Data extracts>
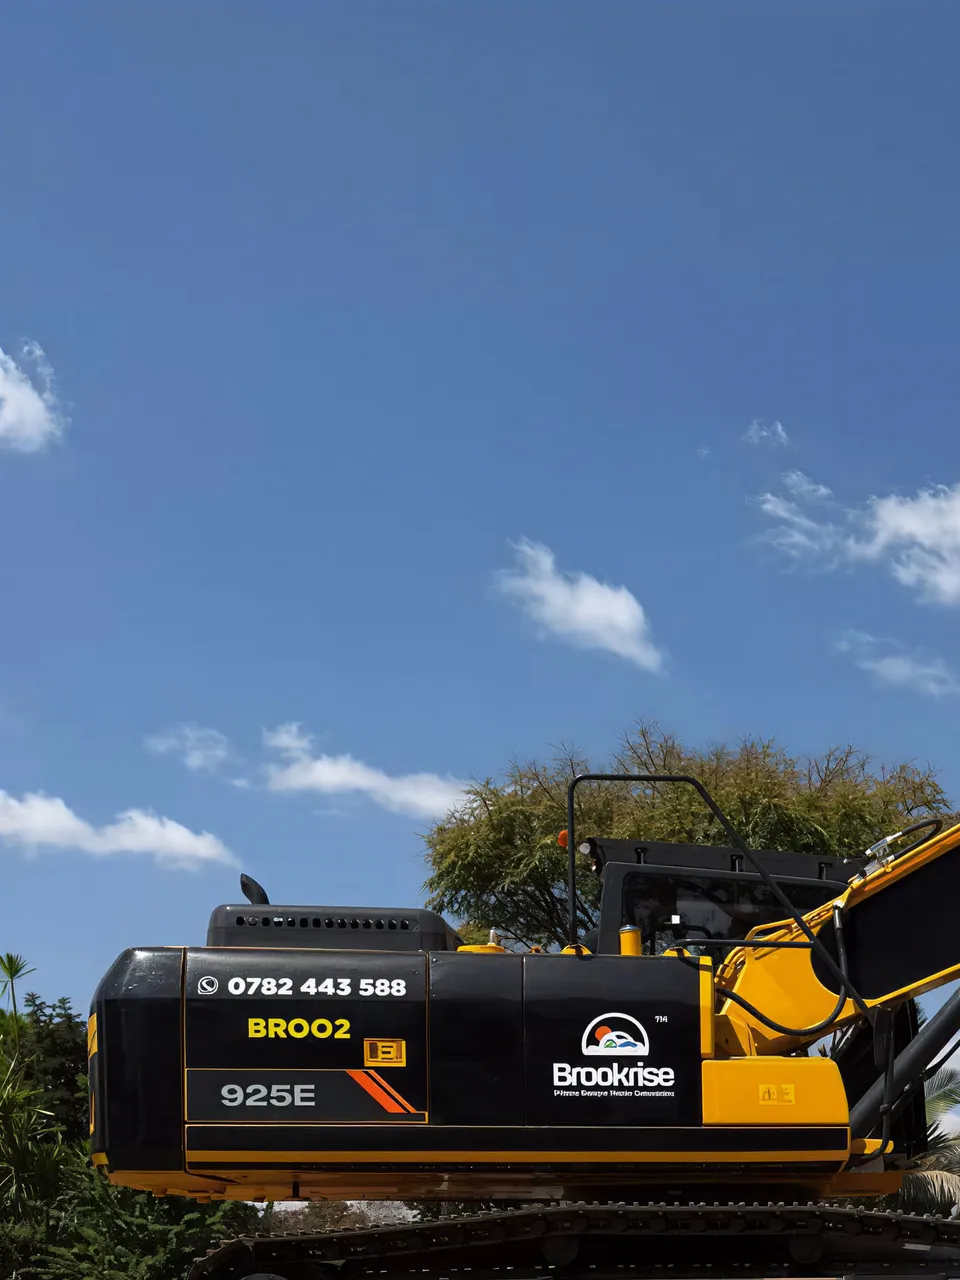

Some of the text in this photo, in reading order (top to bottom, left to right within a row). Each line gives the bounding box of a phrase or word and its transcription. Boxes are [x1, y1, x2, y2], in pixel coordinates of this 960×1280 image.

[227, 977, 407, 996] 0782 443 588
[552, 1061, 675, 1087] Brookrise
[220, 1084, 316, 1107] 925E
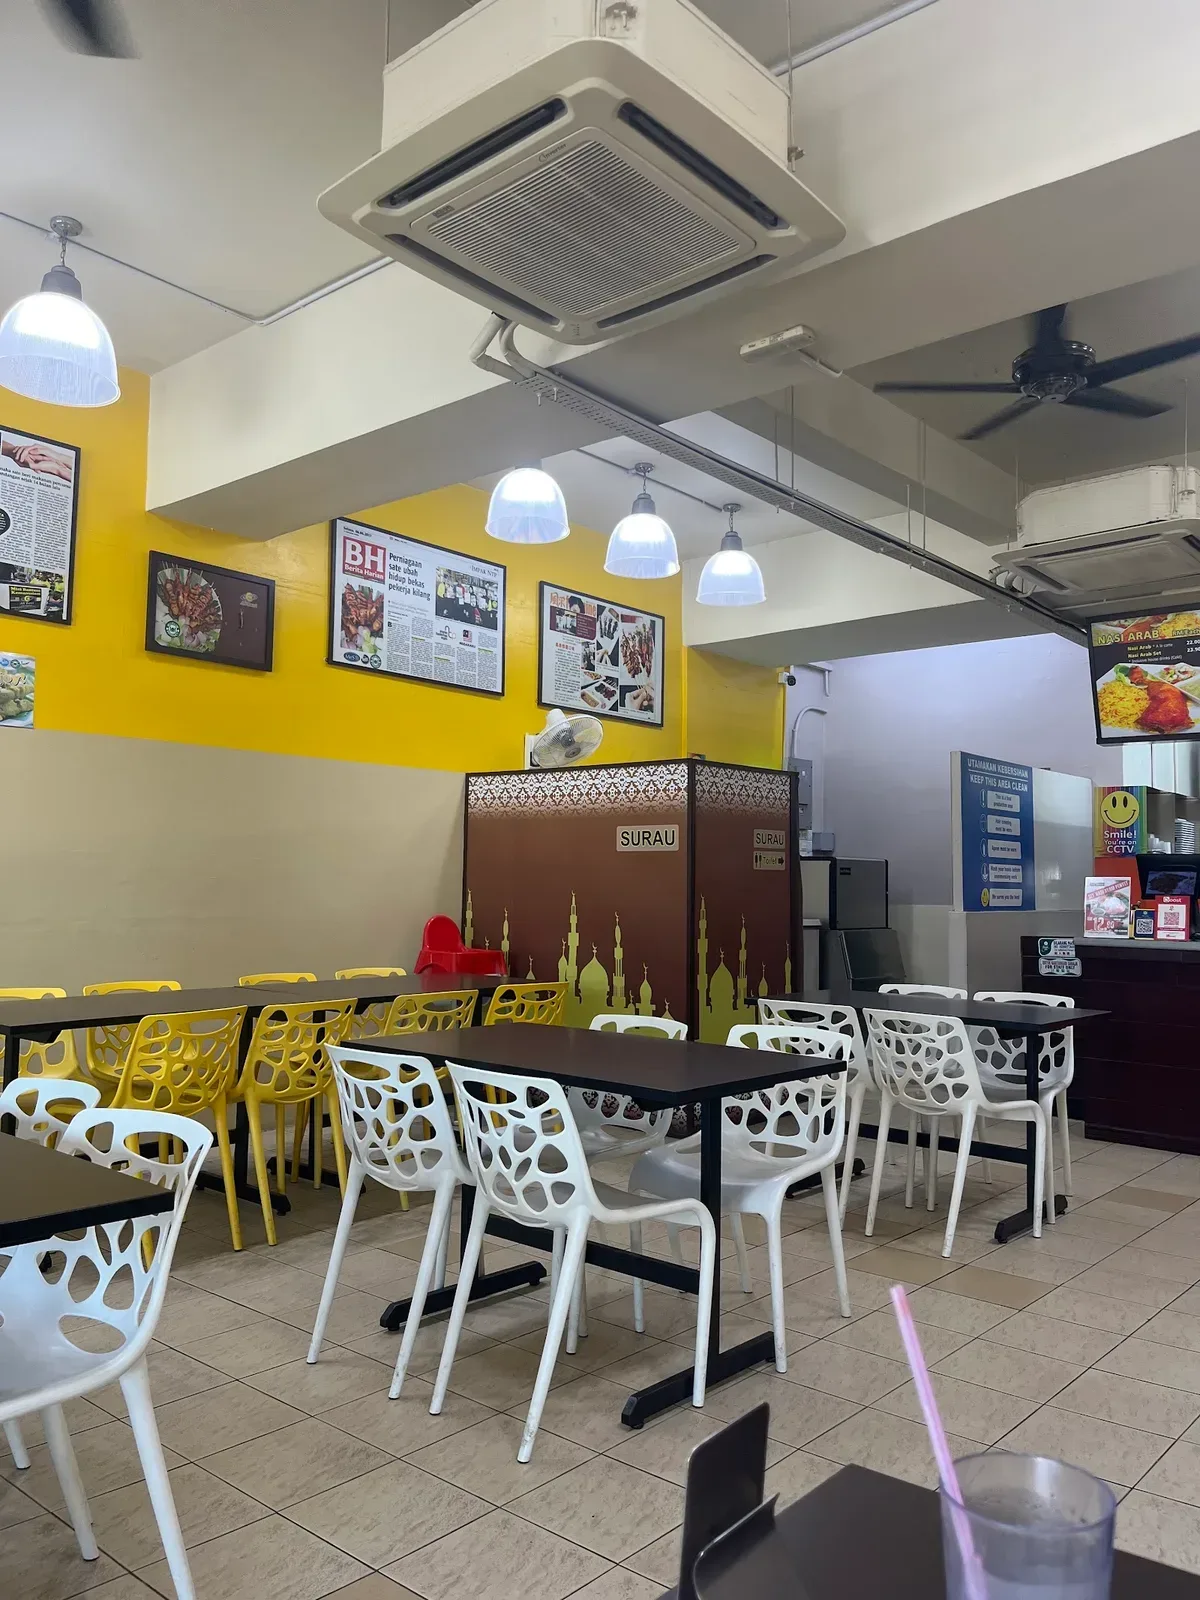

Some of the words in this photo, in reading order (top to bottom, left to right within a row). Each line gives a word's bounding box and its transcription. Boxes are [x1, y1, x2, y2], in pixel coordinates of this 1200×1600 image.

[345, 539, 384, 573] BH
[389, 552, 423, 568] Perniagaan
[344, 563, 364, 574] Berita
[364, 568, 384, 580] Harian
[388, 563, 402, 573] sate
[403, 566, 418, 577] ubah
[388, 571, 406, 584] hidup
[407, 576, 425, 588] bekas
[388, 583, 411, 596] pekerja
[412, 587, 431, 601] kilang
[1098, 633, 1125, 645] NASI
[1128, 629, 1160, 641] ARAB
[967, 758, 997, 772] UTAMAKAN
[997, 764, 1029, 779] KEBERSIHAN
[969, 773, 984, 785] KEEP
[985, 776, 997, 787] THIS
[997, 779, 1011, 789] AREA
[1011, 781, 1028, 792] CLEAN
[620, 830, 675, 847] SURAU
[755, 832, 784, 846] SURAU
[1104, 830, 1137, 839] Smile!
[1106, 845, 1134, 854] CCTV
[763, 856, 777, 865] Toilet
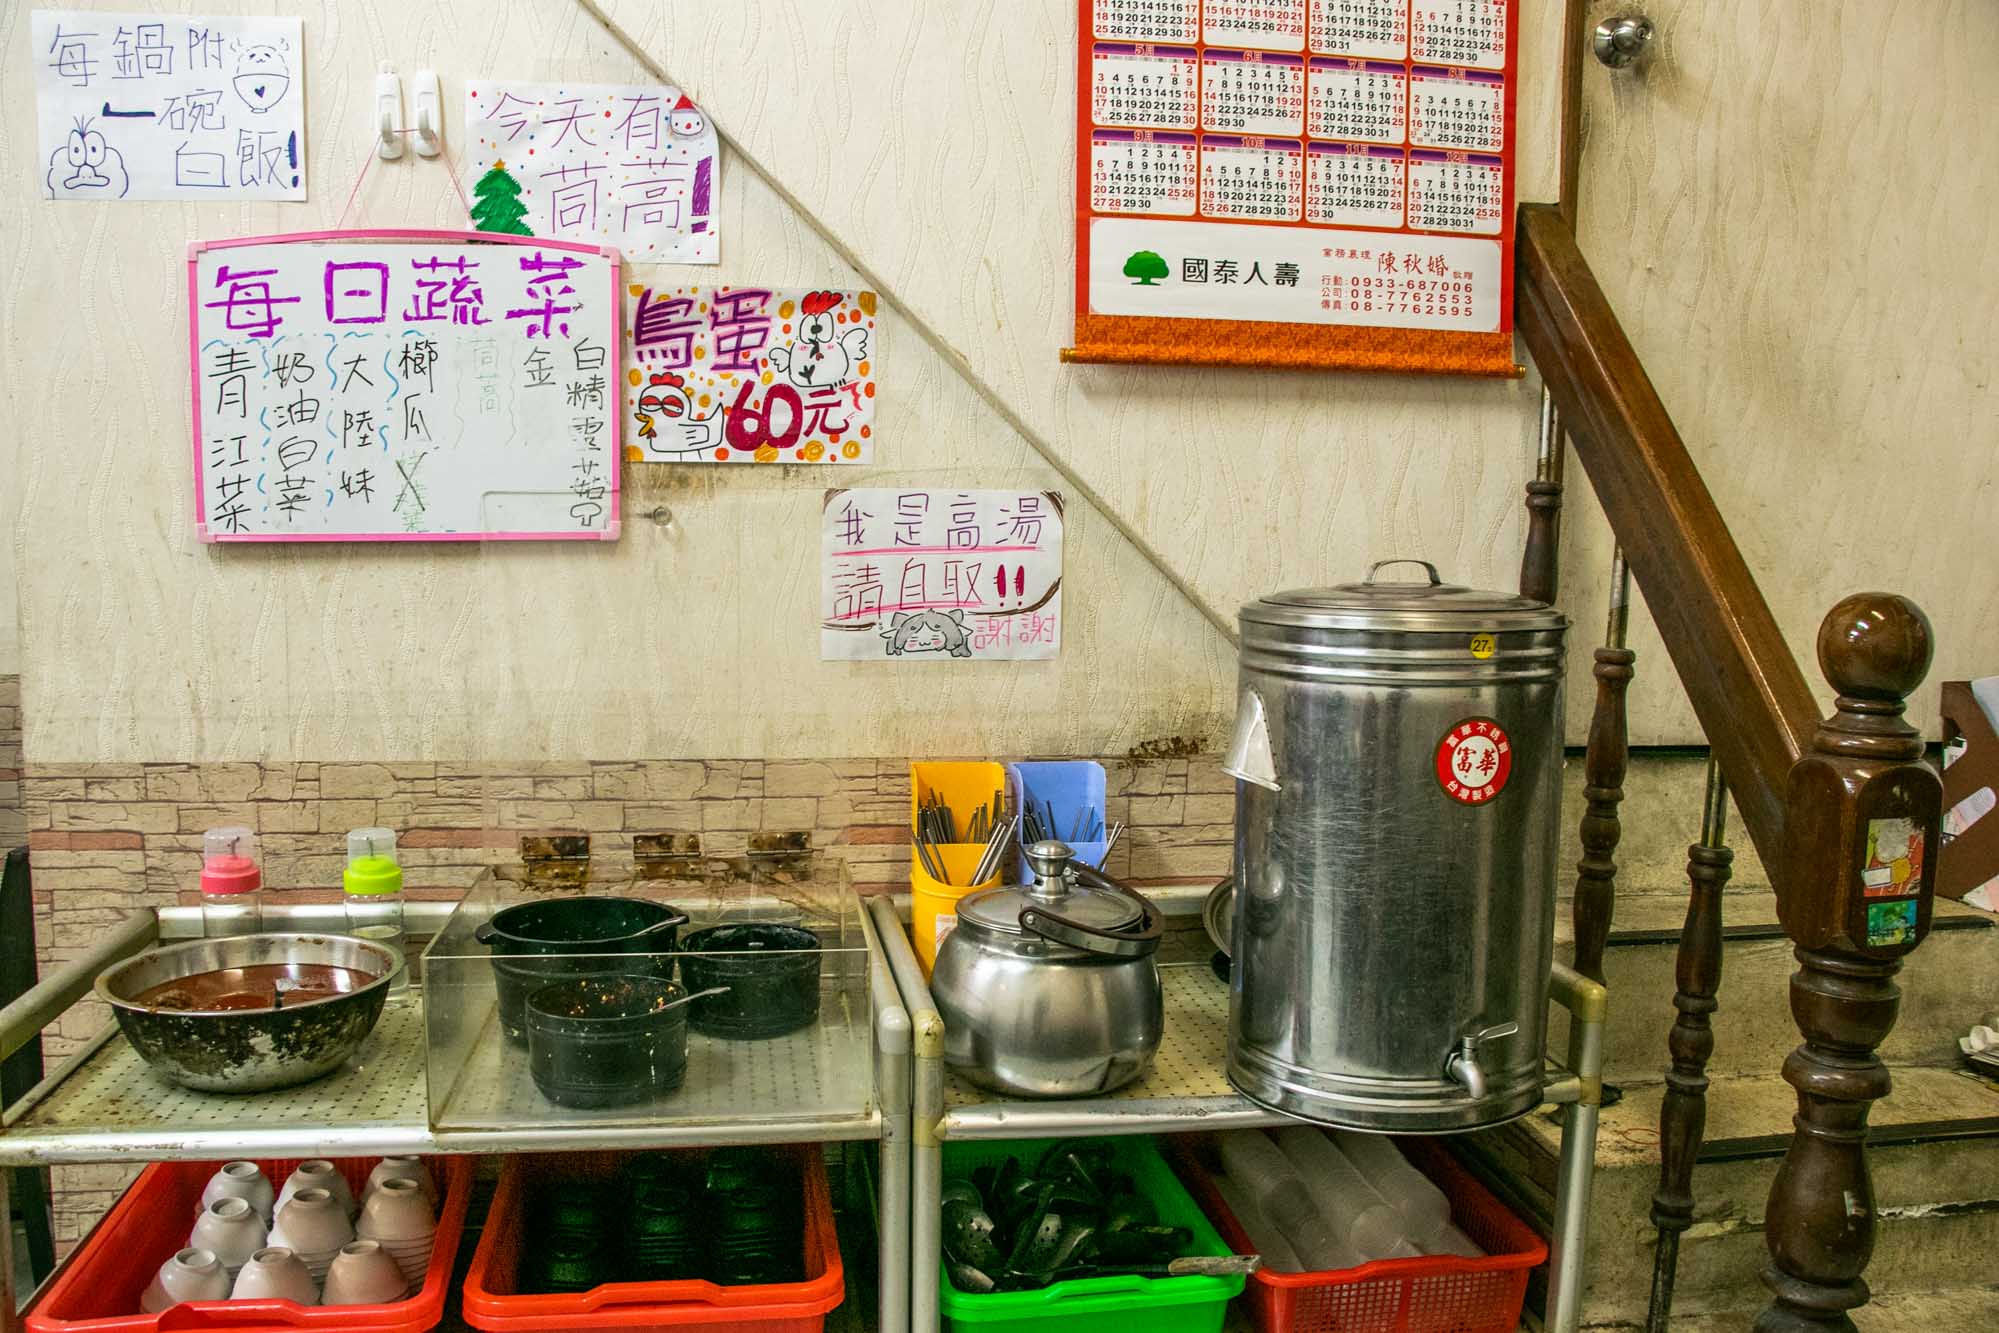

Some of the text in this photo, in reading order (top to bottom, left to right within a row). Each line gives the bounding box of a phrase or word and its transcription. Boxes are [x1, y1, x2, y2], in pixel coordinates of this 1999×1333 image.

What you have to do> Print out the material verbatim, skipping pictures.

Written answer>
Some of the text in this photo, in reading order (top to bottom, left to right within a row). Each line gives the bounding box of a phrase or word and its transcription. Boxes are [x1, y1, x2, y2], in pixel coordinates of this 960×1280 image.

[227, 977, 407, 996] 0782 443 588
[552, 1061, 675, 1087] Brookrise
[220, 1084, 316, 1107] 925E

Some of the words in this photo, in reading order (top to bottom, left to right within a row). Each line gives a word's bounding box and its transcription. Boxes are [x1, y1, x2, y2], in pixel coordinates of this 1200×1600 image.

[345, 539, 384, 573] BH
[389, 552, 423, 568] Perniagaan
[344, 563, 364, 574] Berita
[364, 568, 384, 580] Harian
[388, 563, 402, 573] sate
[403, 566, 418, 577] ubah
[388, 571, 406, 584] hidup
[407, 576, 425, 588] bekas
[388, 583, 411, 596] pekerja
[412, 587, 431, 601] kilang
[1098, 633, 1125, 645] NASI
[1128, 629, 1160, 641] ARAB
[967, 758, 997, 772] UTAMAKAN
[997, 764, 1029, 779] KEBERSIHAN
[969, 773, 984, 785] KEEP
[985, 776, 997, 787] THIS
[997, 779, 1011, 789] AREA
[1011, 781, 1028, 792] CLEAN
[620, 830, 675, 847] SURAU
[755, 832, 784, 846] SURAU
[1104, 830, 1137, 839] Smile!
[1106, 845, 1134, 854] CCTV
[763, 856, 777, 865] Toilet

Some of the text in this photo, in reading order (top to bottom, left to right within a row). Each line gives the bounding box of a phrase or word and its transcription. Boxes are [x1, y1, x2, y2], in pixel coordinates of this 1999×1333 image.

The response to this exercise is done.